Confusión por cierre en El Paso: de drones del narco a pruebas militares
Versiones oficiales y reportes periodísticos difieren sobre el motivo real del cierre del espacio aéreo en El Paso.
El cierre del espacio aéreo en el Aeropuerto Internacional de El Paso, Texas, desató este miércoles una controversia entre autoridades federales estadounidenses, luego de que versiones oficiales y reportes de prensa ofrecieran explicaciones distintas sobre el motivo de la medida.
Cierre del espacio aéreo en El Paso: versiones oficiales y reportes
Inicialmente, el Secretario del Departamento de Transporte de Estados Unidos, Sean Duffy, confirmó que la suspensión total de operaciones se debió a una incursión de drones operados por cárteles mexicanos. Según informó, tras una intervención coordinada con la Administración Federal de Aviación (FAA), la amenaza fue neutralizada y el espacio aéreo reabierto.
De acuerdo con esa versión, la presencia de los dispositivos obligó a paralizar todos los despegues y aterrizajes en un radio de 16 kilómetros alrededor de El Paso y la comunidad de Santa Teresa, Nuevo México. Aunque originalmente se emitió una restricción con vigencia hasta el 20 de febrero por "razones especiales de seguridad", el riesgo fue eliminado y los vuelos comerciales y de carga se reanudaron el 11 de febrero.
Pruebas militares y conflicto entre agencias
Sin embargo, más tarde surgieron reportes que contradijeron esa explicación.
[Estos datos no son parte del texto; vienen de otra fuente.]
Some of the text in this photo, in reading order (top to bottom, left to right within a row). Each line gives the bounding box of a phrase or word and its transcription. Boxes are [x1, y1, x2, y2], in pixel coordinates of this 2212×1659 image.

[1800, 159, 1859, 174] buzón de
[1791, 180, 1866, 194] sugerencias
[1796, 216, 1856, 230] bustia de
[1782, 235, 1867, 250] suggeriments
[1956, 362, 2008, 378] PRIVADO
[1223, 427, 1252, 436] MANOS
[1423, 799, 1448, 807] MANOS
Cuatro fuentes familiarizadas con el asunto señalaron que el cierre fue resultado de pruebas realizadas por las fuerzas armadas estadounidenses con tecnología capaz de derribar drones.
Según esas versiones, los ensayos se llevaban a cabo en las proximidades de Fort Bliss e incluían láseres de alta energía diseñados para proteger contra drones que podrían cruzar la frontera sur. La FAA habría emitido la restricción temporal de vuelos ante la preocupación de que las pruebas afectaran la aviación comercial.
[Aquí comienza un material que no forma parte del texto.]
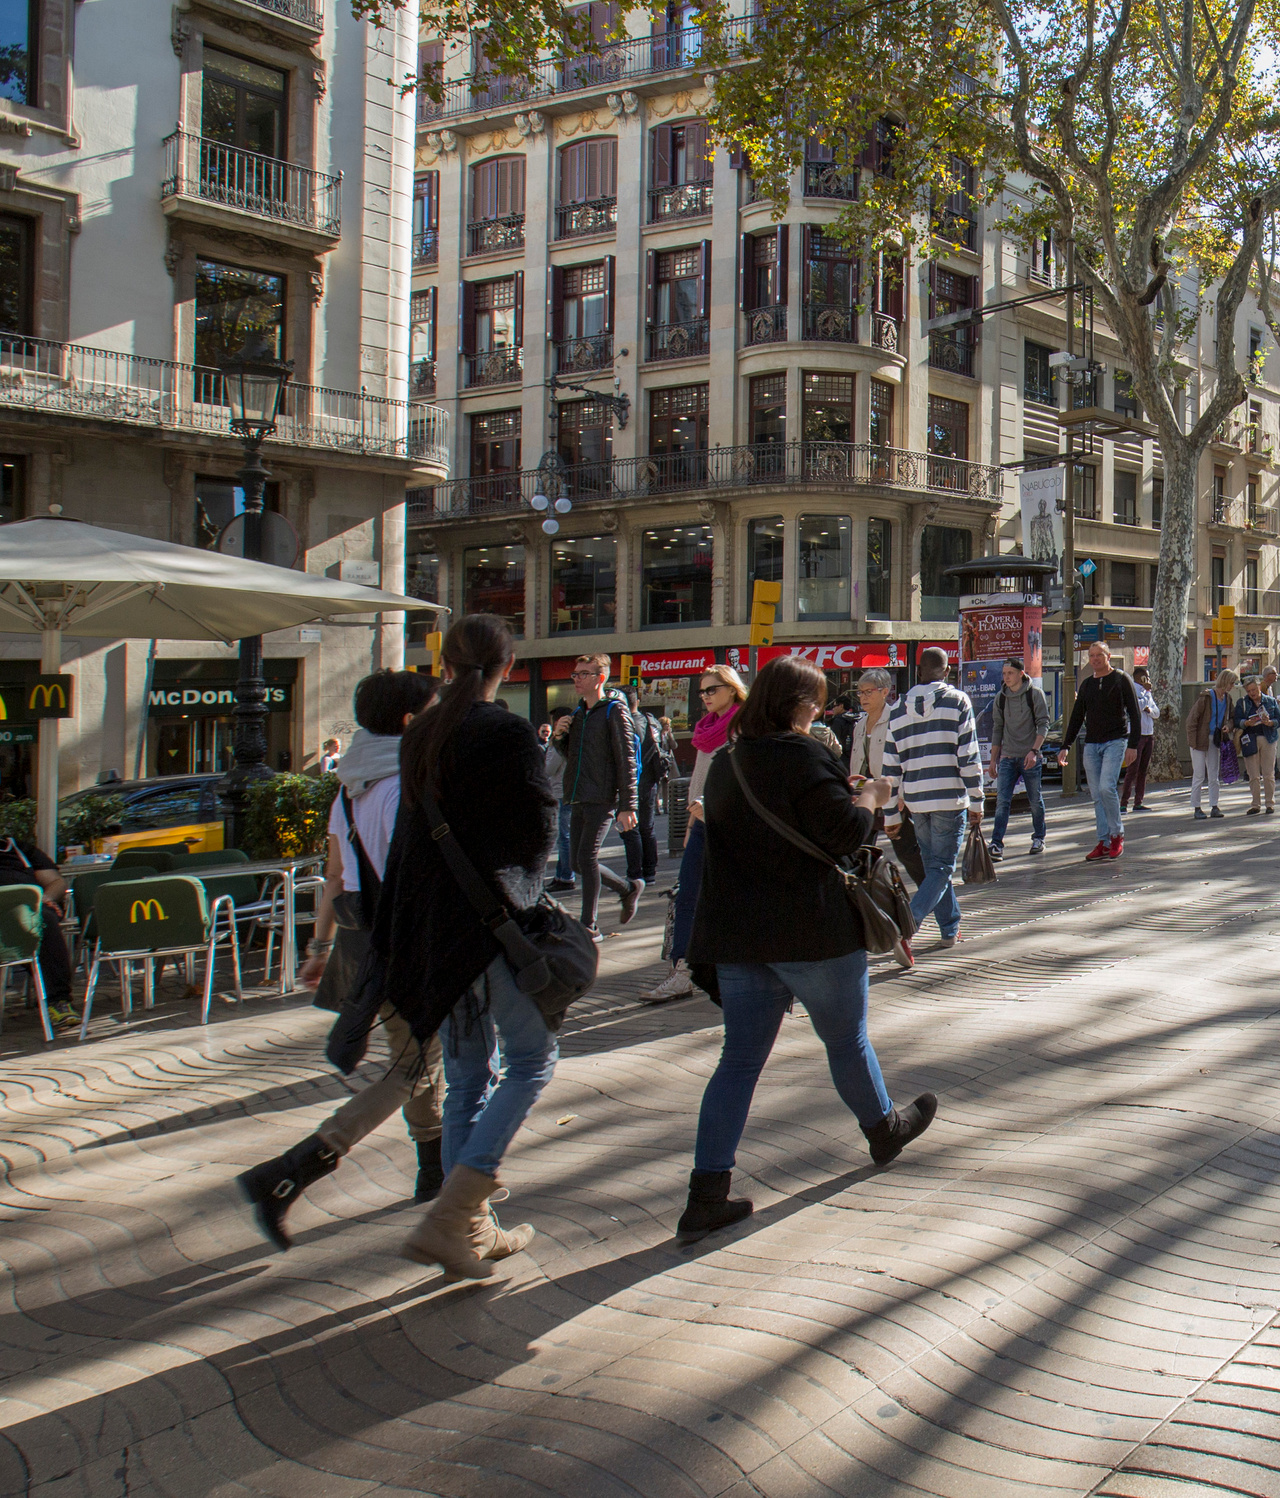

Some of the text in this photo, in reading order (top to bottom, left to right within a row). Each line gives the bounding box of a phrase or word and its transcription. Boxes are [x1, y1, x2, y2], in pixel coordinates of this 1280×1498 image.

[1022, 477, 1062, 491] NABUCCO
[1083, 564, 1093, 573] W
[978, 620, 1022, 632] FLAMENCO
[790, 646, 857, 668] KFC
[640, 656, 706, 672] Restaurant
[980, 683, 996, 692] EIBAR
Tres de las fuentes indicaron que no existe confirmación por parte del Pentágono de que algún dron haya sido derribado, pese a declaraciones previas de un funcionario de la Administración que aseguró que dispositivos de un cártel mexicano habían violado el espacio aéreo y fueron inutilizados por el Departamento de Defensa. También se reportó que militares derribaron recientemente un pequeño globo de fiesta.
De acuerdo con dos fuentes, hubo un malentendido o disputa entre la FAA y el Departamento de Defensa sobre si las pruebas podían impactar la seguridad aérea, lo que antecedió a la orden de mantener en tierra a los aviones. Legisladores en el Capitolio habrían señalado que el ejercicio antidrones no fue coordinado previamente con la FAA.
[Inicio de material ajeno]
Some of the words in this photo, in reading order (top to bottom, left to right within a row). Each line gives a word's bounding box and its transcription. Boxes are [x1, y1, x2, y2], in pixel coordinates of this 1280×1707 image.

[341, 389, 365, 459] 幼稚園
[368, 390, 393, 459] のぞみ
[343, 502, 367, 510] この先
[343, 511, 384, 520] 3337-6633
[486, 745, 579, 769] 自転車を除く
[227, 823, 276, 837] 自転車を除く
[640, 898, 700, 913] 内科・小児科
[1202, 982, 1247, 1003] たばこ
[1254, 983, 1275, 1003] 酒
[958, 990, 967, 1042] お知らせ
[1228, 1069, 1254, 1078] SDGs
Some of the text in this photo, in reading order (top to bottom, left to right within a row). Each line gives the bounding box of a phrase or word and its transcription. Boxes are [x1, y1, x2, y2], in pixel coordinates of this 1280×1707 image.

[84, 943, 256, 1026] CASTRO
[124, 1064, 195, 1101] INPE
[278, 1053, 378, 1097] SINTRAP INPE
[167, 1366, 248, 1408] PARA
La restricción, que inicialmente se estableció por 10 días, del 11 al 21 de febrero, clasificó el área como espacio aéreo de defensa nacional y advertía que se podría usar fuerza letal contra aeronaves consideradas amenaza inminente. Pilotos que infringieran la orden podrían ser interceptados y detenidos.
El aeropuerto confirmó que todos los vuelos, incluidos comerciales, de carga y aviación general, quedaron suspendidos. La medida afectó operaciones de aerolíneas como Southwest, Delta, United y American, así como rutas de compañías mexicanas con conexión fronteriza.
La decisión provocó críticas a nivel local. El alcalde de El Paso, Renard Johnson, calificó la restricción como innecesaria y afirmó que "nunca debió haber ocurrido". Señaló que la medida causó caos y obligó a desviar vuelos de evacuación médica a Las Cruces, a unos 72 kilómetros de distancia.
"Esta decisión innecesaria ha causado caos y confusión en la comunidad de El Paso", declaró en conferencia de prensa, al cuestionar la falta de coordinación con autoridades locales, hospitales y líderes comunitarios.
La presidenta de México, Claudia Sheinbaum, afirmó que su Gobierno no tenía evidencia de actividad de drones a lo largo de la frontera y pidió evitar especulaciones.
Conversaciones captadas por LiveATC.net revelaron que personal del aeropuerto habría sido notificado con escaso margen antes de la entrada en vigor de la restricción, lo que evidenció la falta de claridad interna sobre la medida.
Hasta el momento, no ha habido una explicación pública detallada que unifique las versiones sobre el origen del cierre, lo que ha mantenido la polémica en torno a la actuación y coordinación de las agencias federales involucradas.